AB demişken, AB’nin Dış İlişkiler birimi olan EEAS’ın Suriye hakkındaki açıklamasına değinmezsek eksik kalır. EEAS’ın açıklamasını özetleyen cümle şu: “AB, anlaşıldığı kadarıyla Esat yanlısı güçler tarafından Suriye’nin kıyı kesimlerinde geçici hükümet güçlerine karşı girişilen saldırıları ve sivilleri hedef alan her türlü şiddeti şiddetle kınamaktadır.”
Bu mezhepçi cihatçılar çok kullanışlı. Brüksel’de metro uçurunca “medeniyet düşmanı” diye tanımlanıp polise ilave yetkiler vermek, özgürlükleri kısıtlamak için bahane oluyorlar. Suriye’de katliam yaparken ise “geçici hükümet güçleri”ne dönüşüyorlar.
İmam böyle deyince bizim liberal cemaat ne yapsın? Uydum imama diyor mecburen. AB ile yakınlaşıldığı da yalan değil. Silah üretimini artırma ve ülke çocuklarını uzak yerlerde öldürtme hesabı tıkır tıkır çalışıyor bir yandan. Daha düne kadar küçük ülke diye aşağılanan Fransa’dan silah alımı pişiriliyor. Avrupa başkentleri “sürdürmek istediğimiz savaşta sen yoksan bir eksiğiz” diye ricacı oluyorlar Akepe rejiminden. Gözümüz aydın! Vize kalkıyor bir anlamda. Üniversite öğrencileri hemen sevinmesin. Onlar için değil elbette. Ancak Batı sermayesinin çıkarları için öldürteceğimiz çocuklara vize uygulanmayacağı kesin.
Başta anımsattığım yazının ana konusuydu ama yinelemekte yarar var. Mezhepçilik leş bir çukur, mezhepçiler de o çukurda yaşayan hilkat garibeleridir. Bunları tanıyoruz, nasıl mücadele edeceğimizi de biliyoruz. Ancak dinsel taassuba hiç bulaşmamış görünen, mezhepler konusunda tek satır okumamış, yaşadığı bölgenin gerçeklerine sırt çevirmiş, sırf Batı’ya yaranmak, “biz de vallahi sizdeniz” diyebilmek için mezhepçi pisliklerle birlikte çoluk çocuk demeden öldürülen Arap Alevilere yaşatılan katliamı görmemeye ve göstermemeye çalışanlara ne diyeceğiz?

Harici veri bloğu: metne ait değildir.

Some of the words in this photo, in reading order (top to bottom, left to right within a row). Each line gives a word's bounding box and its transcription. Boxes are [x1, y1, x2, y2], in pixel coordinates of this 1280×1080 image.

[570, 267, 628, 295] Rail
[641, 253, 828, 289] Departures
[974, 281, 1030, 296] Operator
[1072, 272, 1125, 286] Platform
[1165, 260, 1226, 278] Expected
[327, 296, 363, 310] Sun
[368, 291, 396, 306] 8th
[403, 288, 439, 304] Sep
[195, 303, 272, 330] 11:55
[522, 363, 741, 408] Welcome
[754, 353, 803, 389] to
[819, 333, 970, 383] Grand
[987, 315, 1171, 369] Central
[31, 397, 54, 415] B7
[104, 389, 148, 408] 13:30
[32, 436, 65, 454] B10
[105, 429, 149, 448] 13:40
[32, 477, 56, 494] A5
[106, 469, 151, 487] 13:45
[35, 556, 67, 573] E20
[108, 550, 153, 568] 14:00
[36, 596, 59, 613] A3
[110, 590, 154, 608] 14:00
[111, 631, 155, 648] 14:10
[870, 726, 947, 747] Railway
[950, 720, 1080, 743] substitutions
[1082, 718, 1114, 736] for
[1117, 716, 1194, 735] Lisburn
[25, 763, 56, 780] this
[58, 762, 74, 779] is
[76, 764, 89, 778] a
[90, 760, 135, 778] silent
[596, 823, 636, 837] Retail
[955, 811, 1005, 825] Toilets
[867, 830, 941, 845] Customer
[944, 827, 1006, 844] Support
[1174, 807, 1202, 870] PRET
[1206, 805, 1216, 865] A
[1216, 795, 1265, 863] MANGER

Gerçi ne desek boş. Birinci, ikinci ve üçüncü dünya liberallerinde utanma denilen duygunun zerresi bulunmuyor.
Yine de bu tür yaratıklar için güçleşiyor hayat. Filistin dış politika önceliğimiz değildir deyip sıyrılmak, takım elbise giyiyor diye Netanyahu’yu ve soykırımını görmezden gelmek görece kolaydı. Şimdi emperyalizm ve siyonizmin yavruladığı o katliamcı zihniyet geldi sınırlarımıza dayandı. Gizlemenin alemi yok. Sınırlarımıza dayanmakla da kalmadı, bizatihi Türkiye toplumunun ayrılmaz parçası saydığımız bir inanç grubunu da kendi sınırlarımız içinde hedef alır hale geldi. Ne yapacaklar bizim liberaller? AB ne derse onu mu? Yoksa, “bize ne canım, ortalık karışırsa Yunanistan’da, Bulgaristan’da küçük bir ev alır yerleşiriz” mi diyecekler?
Haksızlık yapmayalım. Bunlar sadece AB’ye bakmıyorlar. Bir de kavanozdaki kelebeği izliyorlar tabii. Çünkü o da aynı yanlış yere bakıyor.

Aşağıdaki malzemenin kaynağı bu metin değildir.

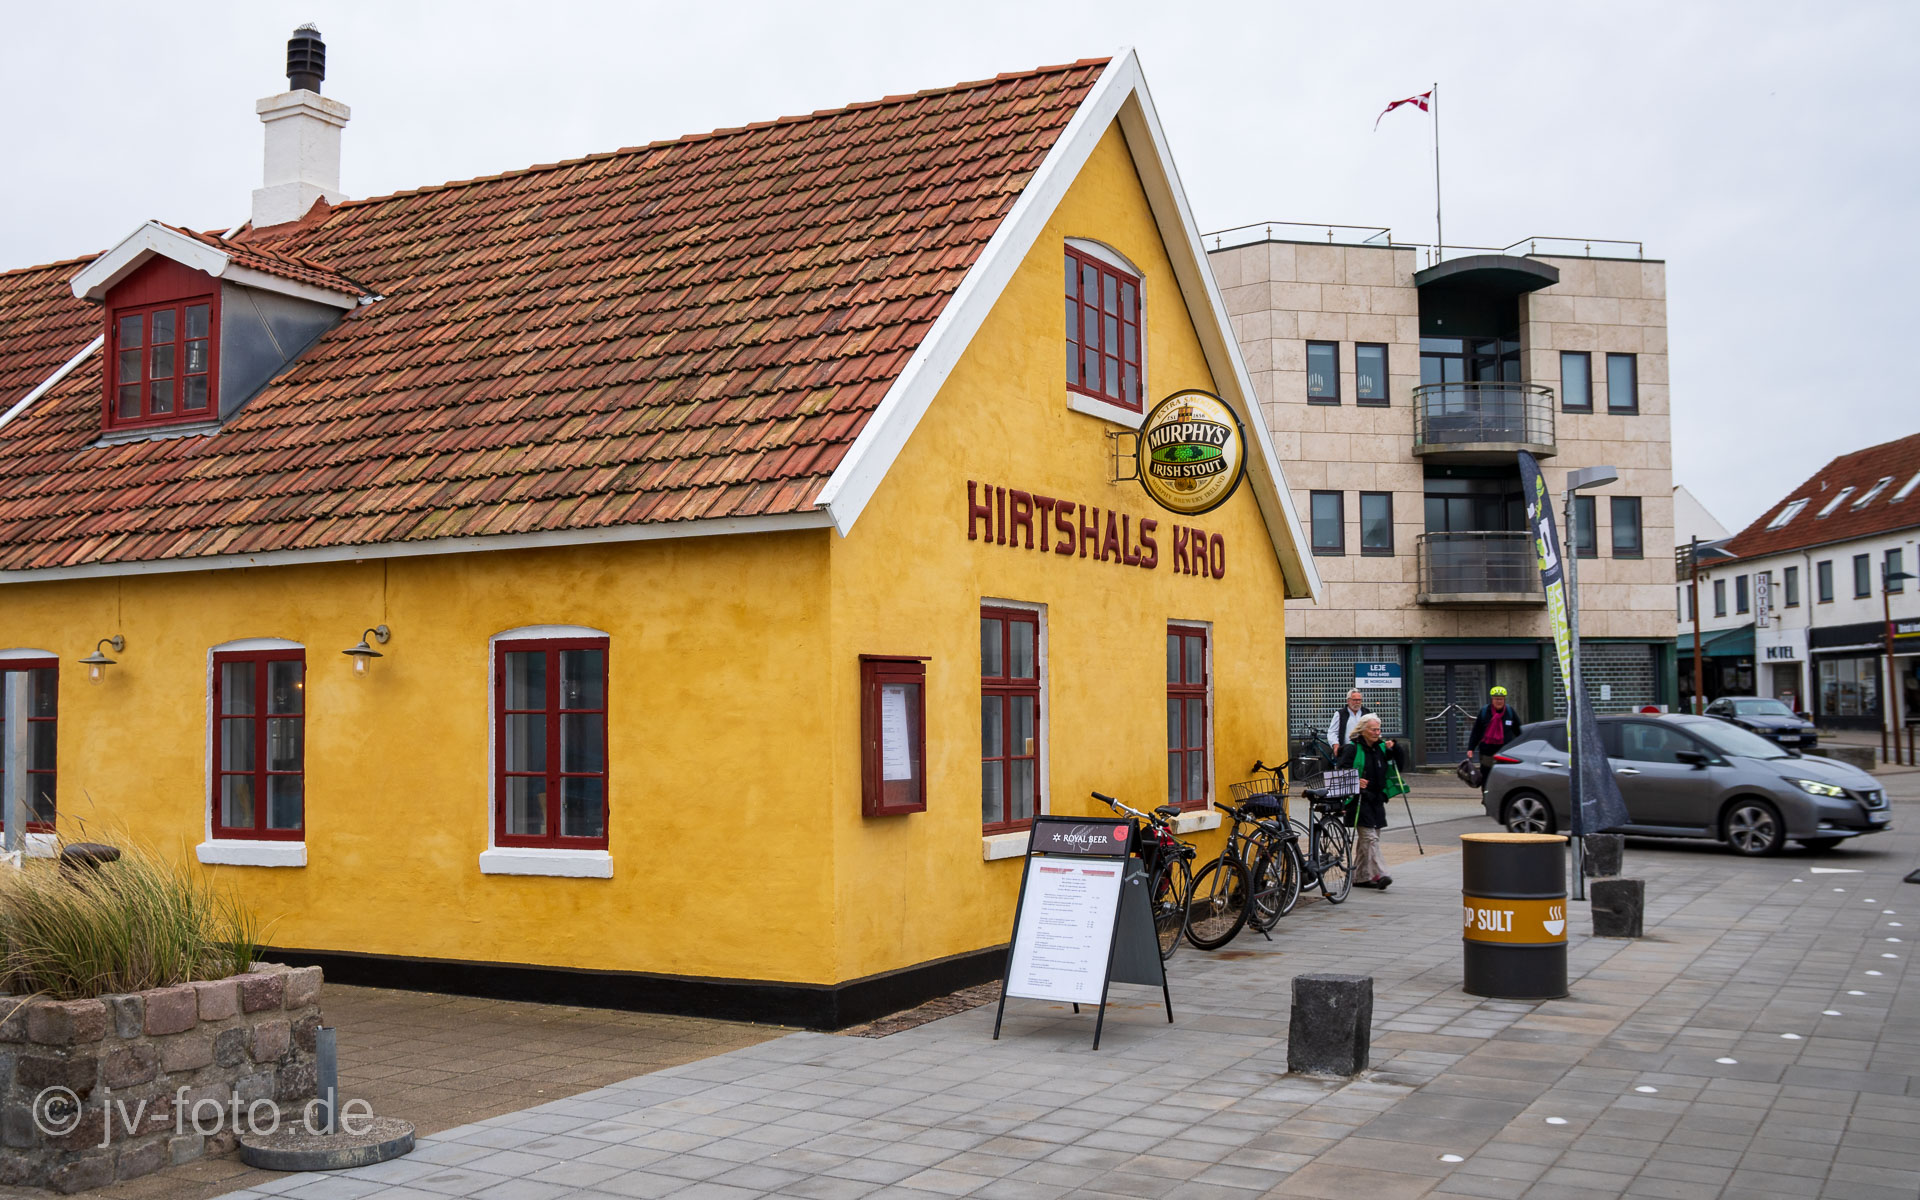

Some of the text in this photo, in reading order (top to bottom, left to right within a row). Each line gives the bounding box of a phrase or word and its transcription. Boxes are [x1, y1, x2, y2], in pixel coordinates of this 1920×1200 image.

Avrupa silahlanıyor ve Türkiye’yi de yeni bir savaş sarmalına sokma hazırlıkları ilerliyor. Yeri gelmişken yineleyelim. Çıkışı olmayan bir yol bu. ABD olmadan Avrupa siyasi ve askeri bir cüce olarak kalmaya yazgılıdır. Kıbrıs’ta yukarıdaki gelişmelerden bağımsız yorumlanması mümkün olmayan yeni bir süreç pişiriliyor. Kürt eşrafından bir küme, Türk eşrafından bir grup ile “büyümüş bir Cumhuriyetsiz Türkiye” pazarlığı yapıyor. Yanı başımızda, içimize de sıçraması an meselesi bir katliam yaşanıyor. Bu arada kimi kaynaklarda katliamı gerçekleştiren güçlerin en azından bir bölümünün bizim cebimizden beslenen Suriye Milli Ordusu’na mensup oldukları yazılıp çiziliyor.

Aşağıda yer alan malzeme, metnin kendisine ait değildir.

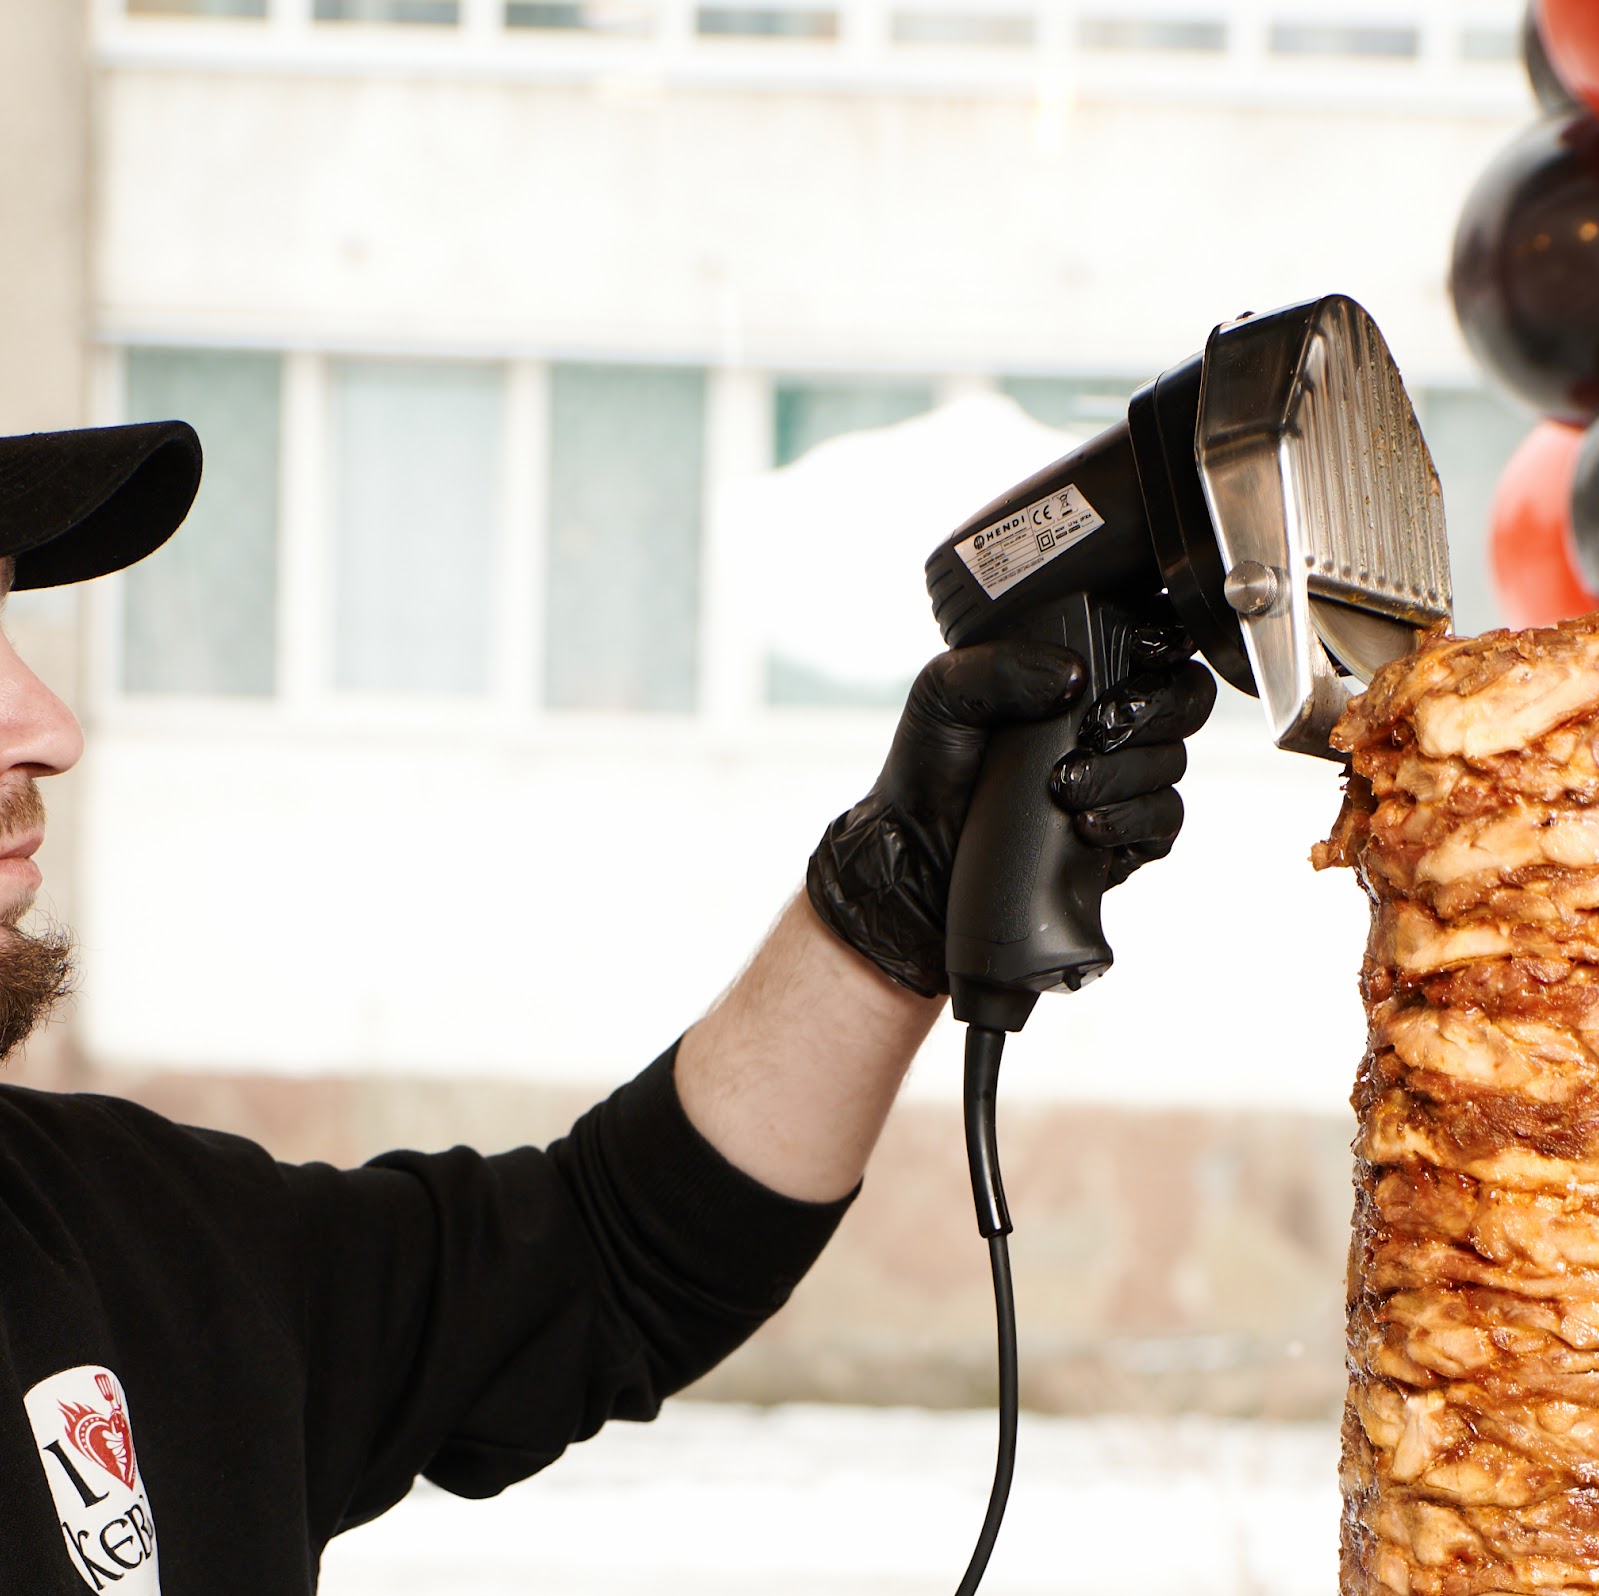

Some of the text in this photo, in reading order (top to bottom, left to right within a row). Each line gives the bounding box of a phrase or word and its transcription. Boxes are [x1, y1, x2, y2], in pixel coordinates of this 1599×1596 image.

[986, 515, 1026, 542] HENDI
[43, 1439, 109, 1508] I
[60, 1494, 154, 1591] KEB

Bu kazan kaynarken kavanozdaki kelebek esip gürlüyor. Kent kent dolaşıp kalabalıklarla buluşuyor. Şu an için gündemde olmayan, gündeme geldiğinde hangi koşullarda gerçekleşeceği bilinmeyen muhayyel bir seçimden söz ediyor. Ceketi çıkartıyor. Beyaz gömleğin kollarını sıyırıyor. Aha da şimdi kurtuldu memleket! Suriye’de olup bitenlerle ilgili tek bir açıklaması yok. İngilizce sosyal medya hesabından paylaştığı ve eski bir meslektaşımın kaleminden çıktığından emin olduğum Suriye’ye dair mesajda ise kimin kim tarafından hedef alındığına dair tek bir işaret bulunmuyor. Şimdi AB’yle ve Türkiye’deki mezhepçilerle ters düşmenin sırası değil ne de olsa.
Eskiden olsa “burası Norveç mi, Finlandiya mı kardeşim?” derdik. Bu rahatlık, genişlik şimdi onlarda dahi yok. Harıl harıl savaş hazırlığındalar. Belli ki Ekrem Bey’in kavanozu çok rahat. Şimdi artık telaffuzu bile ayıp sayılan kimi psikiyatrik rahatsızlıkları anımsatan bir ruh hali içerisinde görünüyor.
Belli ki kavanoz, kavanozun içindekini olduğu kadar gerçek hayata sırt çevirip kavanozu seyredenleri de körleştiriyor.
İşimiz ne? Uğraşıp duracağız gözlerini açmak için!